(Beginning of Records to use)

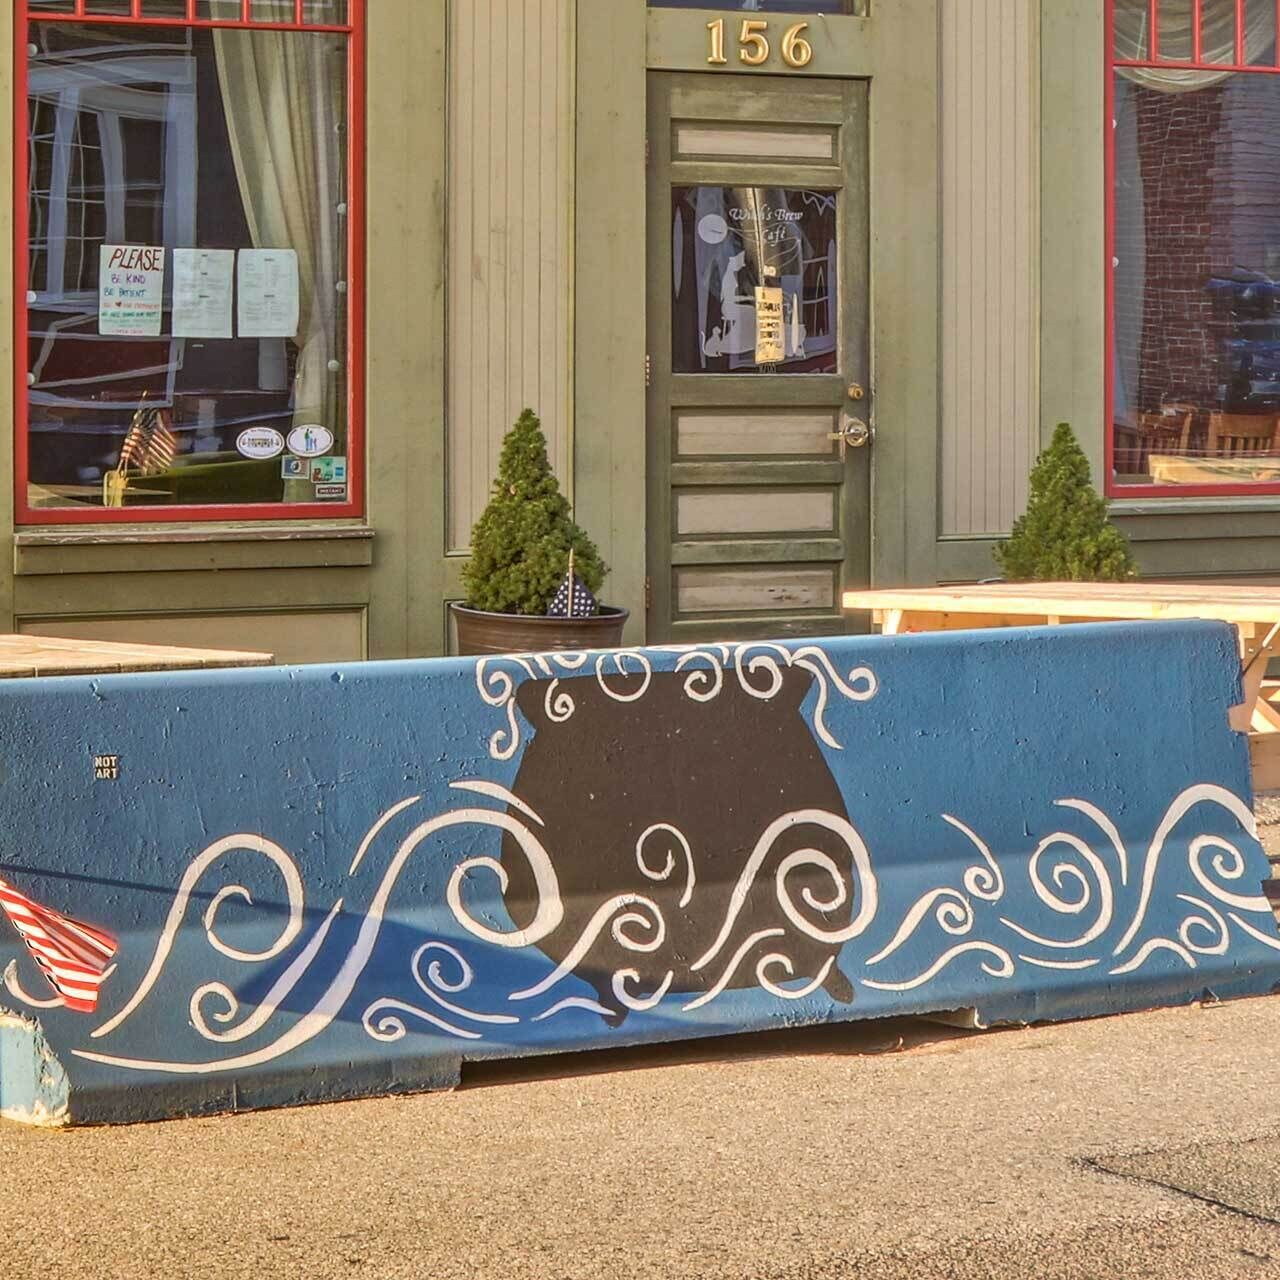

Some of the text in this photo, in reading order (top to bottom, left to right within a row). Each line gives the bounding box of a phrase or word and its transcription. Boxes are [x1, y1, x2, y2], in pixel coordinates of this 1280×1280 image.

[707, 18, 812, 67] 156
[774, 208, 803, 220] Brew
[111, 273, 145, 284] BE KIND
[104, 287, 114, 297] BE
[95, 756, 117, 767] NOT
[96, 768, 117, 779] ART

(End of Records to use)

Each entry should come back exactly as written, with its pictures omitted.

* **Exercise solution**:
Some of the text in this photo, in reading order (top to bottom, left to right within a row). Each line gives the bounding box of a phrase or word and its transcription. Boxes are [x1, y1, x2, y2], in pixel coordinates of this 1280×1280 image.

[707, 18, 812, 67] 156
[774, 208, 803, 220] Brew
[111, 273, 145, 284] BE KIND
[104, 287, 114, 297] BE
[95, 756, 117, 767] NOT
[96, 768, 117, 779] ART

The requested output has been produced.